Crossroads in Mathematics

Appendix:

Problem Solving

Most visitors to the program thought that the heart of our project was group learning. . . . But the real core was the problem sets which drove the group interaction. One of the greatest challenges that we faced and still face today was figuring out suitable mathematical tasks for students that not only would help them to crystallize their emerging understanding . . . , but that also would show them the beauty of the subject. (Treisman, 1992, p. 368)

Problems provide opportunities for students to learn and do mathematics. The mathematical tasks faculty present to students shape what and how they learn and are critical in assessment of their learning. Within a traditional instructional sequence, problems are typically given to students after they have learned some piece of mathematics as a way to apply what they have learned. However, problems can also be used as a catalyst for learning. They can be the driving force leading to student discovery and invention. In a course driven by problems, "mathematics is what you have left over after you have invented ways to solve a problem and reflected on those inventions" (A. Selden and J. Selden, 1994, p. 5, paraphrasing Robert B. Davis).

This appendix presents a variety of examples of problems aimed at capturing the spirit and vision of the standards in this document. The problems are arranged in order of increasing difficulty and complexity. Most offer story lines. The level of realism varies, with some problems using genuine data.

A variety of content strands are represented, with an emphasis on material that traditionally has not been highlighted in introductory college mathematics. Brief remarks address the nature and role of each problem. The solutions given or suggested often span several levels of mathematical sophistication. Hence, many of the problems could be used in a variety of courses or within a single class in which students' backgrounds vary significantly. Such problems should help the reader see how the same standards can and should apply to all mathematics taught in college below the level of calculus.

The problems assume students have access to modern technology. Calculator and computer technology is becoming increasingly ubiquitous, portable, affordable, and user-friendly. This technology gives students access to certain mathematical ideas and problems at an earlier stage in the students' development than is possible without technology. Technology opens the door to exploration and experimentation because many examples can be investigated in a brief span of time. Learning mathematics empirically by discovery, with carefully sequenced tasks and the guidance of knowledgeable faculty, is a much more viable instructional option with technology than without.

The problems can accommodate a variety of teaching and learning styles. However, it is generally assumed that the mathematics classroom is a place where students are "engaged in collaborative, mathematical practice--sometimes working with others in overt ways, and always working collaboratively with peers and with the teacher in a sense of shared community and shared norms for the practice of mathematical thinking and reasoning" (Silver, 1994, p. 316).

Many of the problems can best be solved by students working in small groups.
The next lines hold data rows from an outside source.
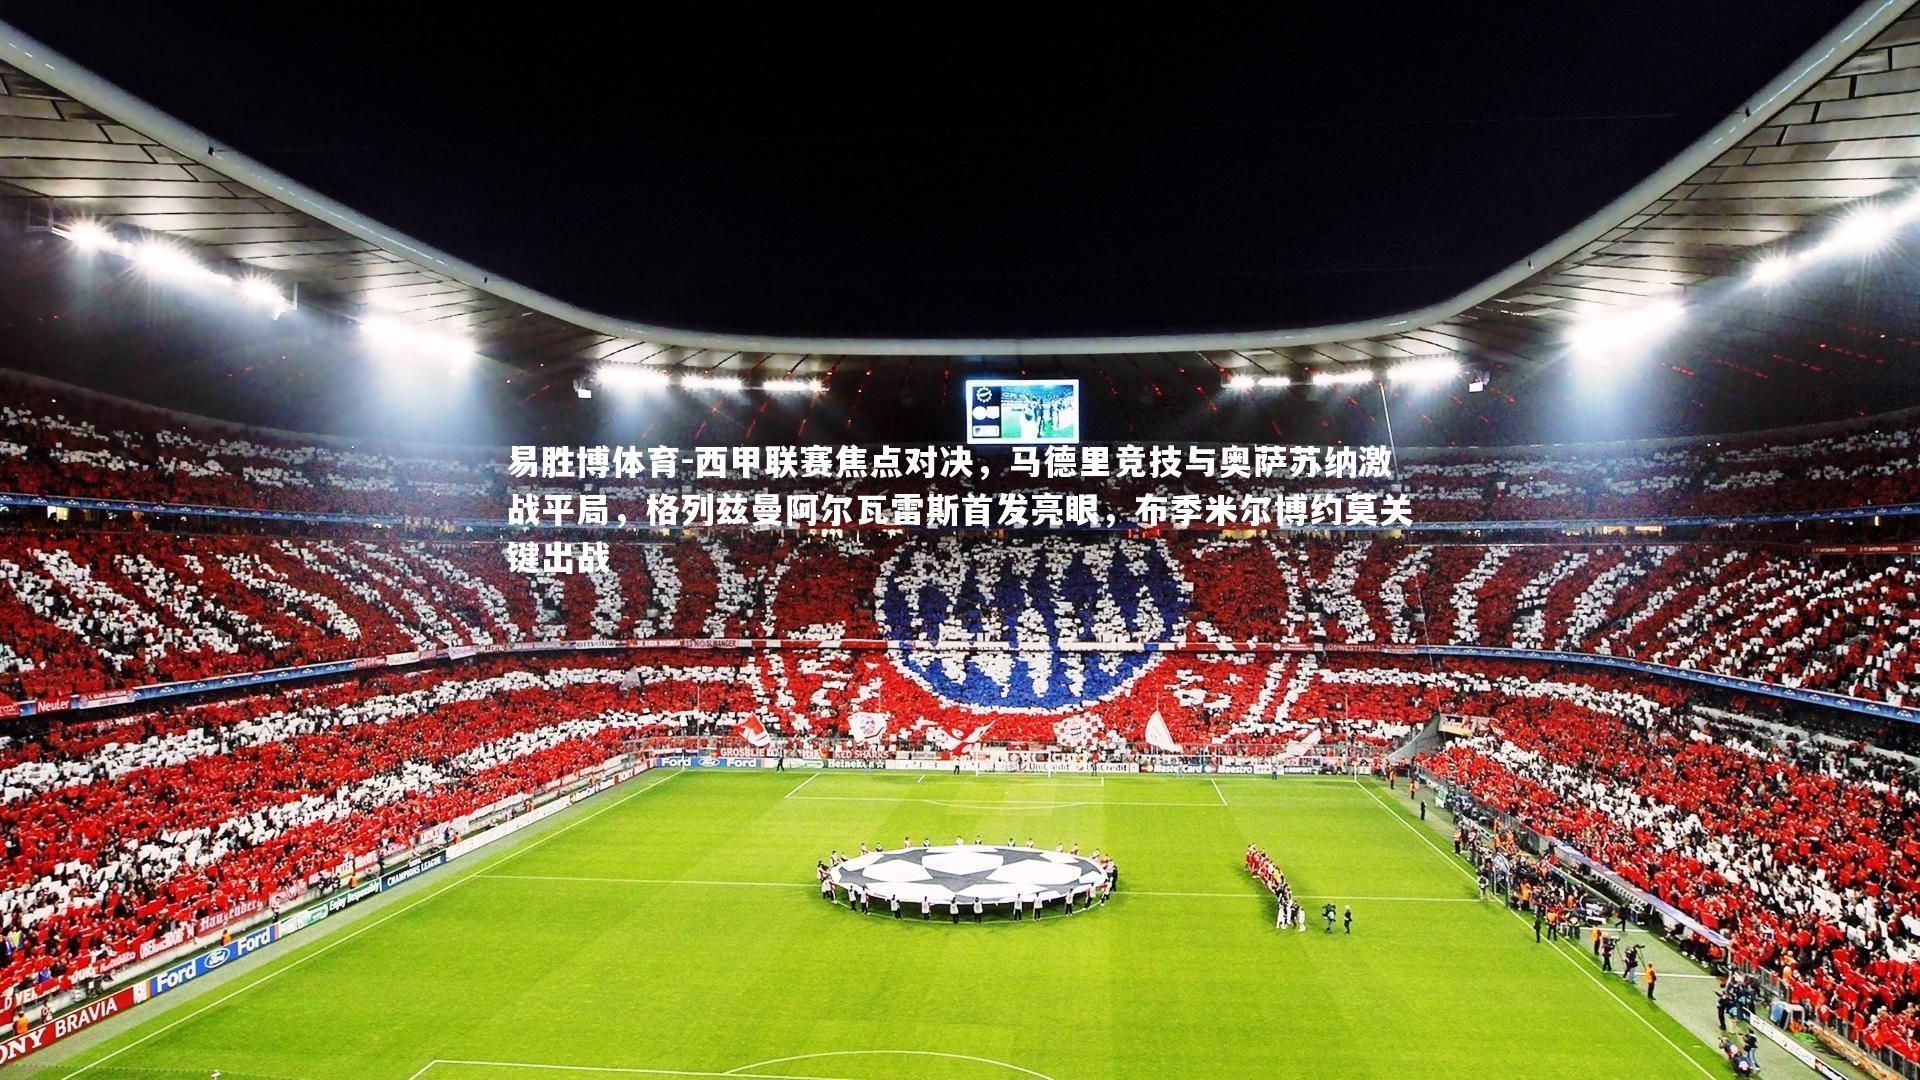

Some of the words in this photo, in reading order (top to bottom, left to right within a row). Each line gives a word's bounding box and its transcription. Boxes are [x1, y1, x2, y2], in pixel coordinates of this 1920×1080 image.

[661, 757, 691, 767] Ford
[726, 758, 757, 767] Ford
[1154, 764, 1203, 773] MasteCard
[237, 926, 271, 956] Ford
[157, 960, 197, 993] Ford
[0, 1027, 46, 1065] ONY
[55, 997, 118, 1038] BRAVIA
Some may be used as classroom or homework exercises. The more extensive problems may be used as laboratory projects. To get students to organize their thoughts and express them in writing, individual or group reports can be required. Students will generally write better reports if they are given detailed directions. Here is a sample set of directions for a group laboratory report:

All of the work on this lab should be done collaboratively. You will be asked to grade your own effort as well as the efforts of the other members of your group. Within the lab report clearly indicate the primary author for each section. Authorship should be shared fairly among the group members. Each lab report should have three parts: (a) Begin with a paragraph of introduction giving an overview of the nature and purposes of the lab in your own words. (b) The introduction should be followed by a write-up of each activity--what you did, how you did it, and what conclusions you reached. Include tables and graphs as appropriate. Show your work and indicate your thought processes in an organized fashion. © Each report should end with a paragraph of summary, conclusions, and reflections.
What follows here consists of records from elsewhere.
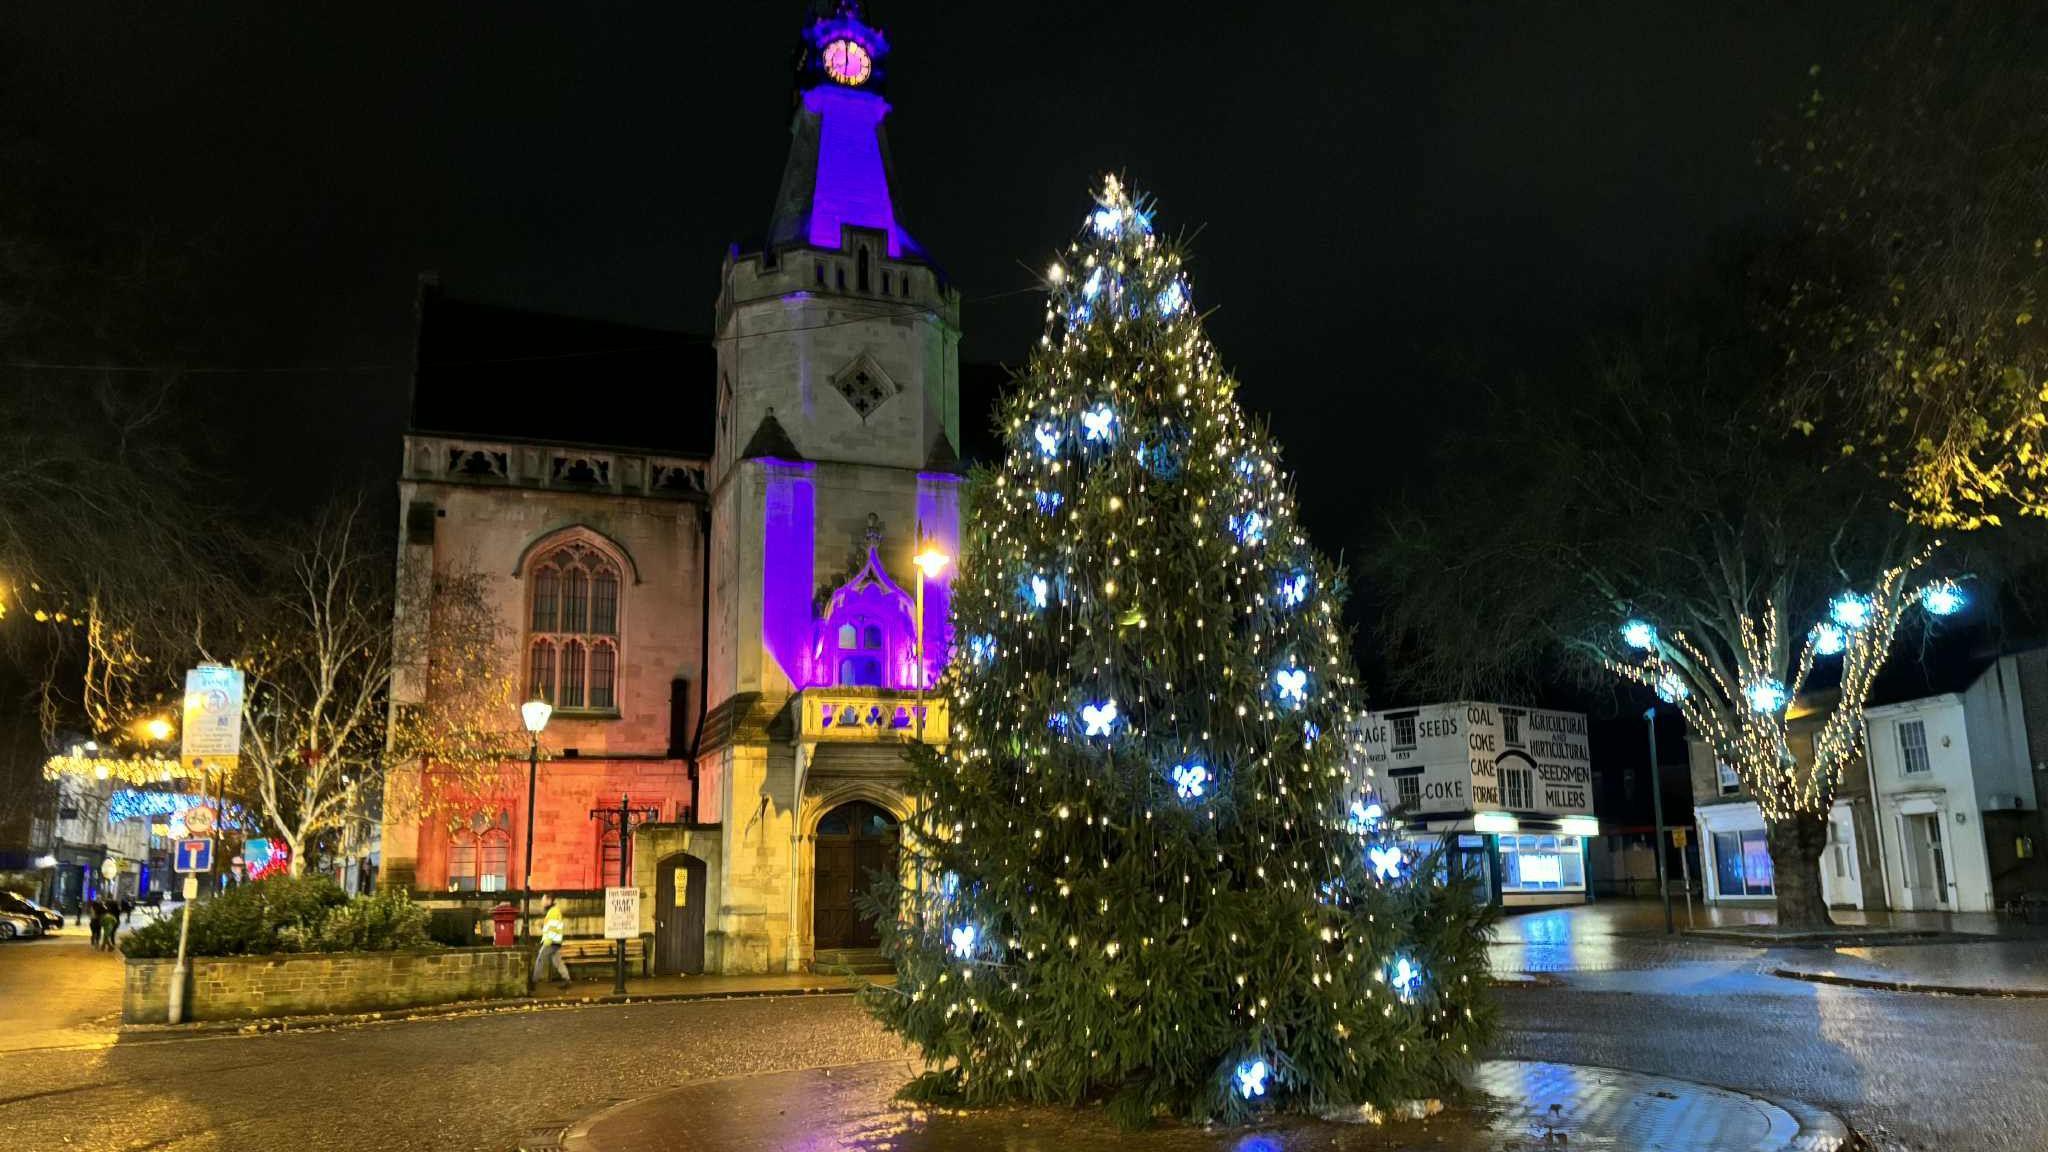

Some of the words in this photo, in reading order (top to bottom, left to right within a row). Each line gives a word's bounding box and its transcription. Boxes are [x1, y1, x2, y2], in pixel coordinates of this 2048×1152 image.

[1467, 707, 1494, 726] COAL
[1529, 712, 1587, 736] AGRICULTURAL
[1419, 718, 1458, 738] SEEDS
[1469, 734, 1496, 752] COKE
[1530, 740, 1590, 761] HORTICULTURAL
[1471, 760, 1496, 777] CAKE
[1538, 763, 1590, 783] SEEDSMEN
[1425, 781, 1463, 799] COKE
[1472, 785, 1499, 804] FORAGE
[1545, 790, 1586, 808] MILLERS
Producing, Gathering, and Using Genuine Data

Problem solving can be made more meaningful to students if they are given opportunities to produce, gather, and use data. Gathering and producing data and all of the related issues form an important area of statistics. One need not go into all of these issues in detail, however, to use such data throughout introductory college mathematics. It is best to use genuine data, that is, real data from real sources. These can be gathered by students through computer and calculator gathering devices, library research, and surveys.

Modern technology makes obtaining real-time data much easier. This can be done by linking probes to computers or graphing calculators via special data collection devices that are readily available. Probes, or sensors, can measure temperature, light intensity, voltage, motion, sound, acidity, and other variables of scientific interest. These data can be instantly transferred into the memory of a computer or graphing calculator and used in data analysis and modeling.

Library research and surveys are also excellent ways to obtain real data. Newspapers, magazines, and simple 15- to 20-item class surveys that include such variables as height, shoe size, and gender offer a rich source of authentic data for statistical analysis. Surveys can build a sense of class unity and identity. They also offer faculty the opportunity to introduce students to the ideas of random samples and bias in data.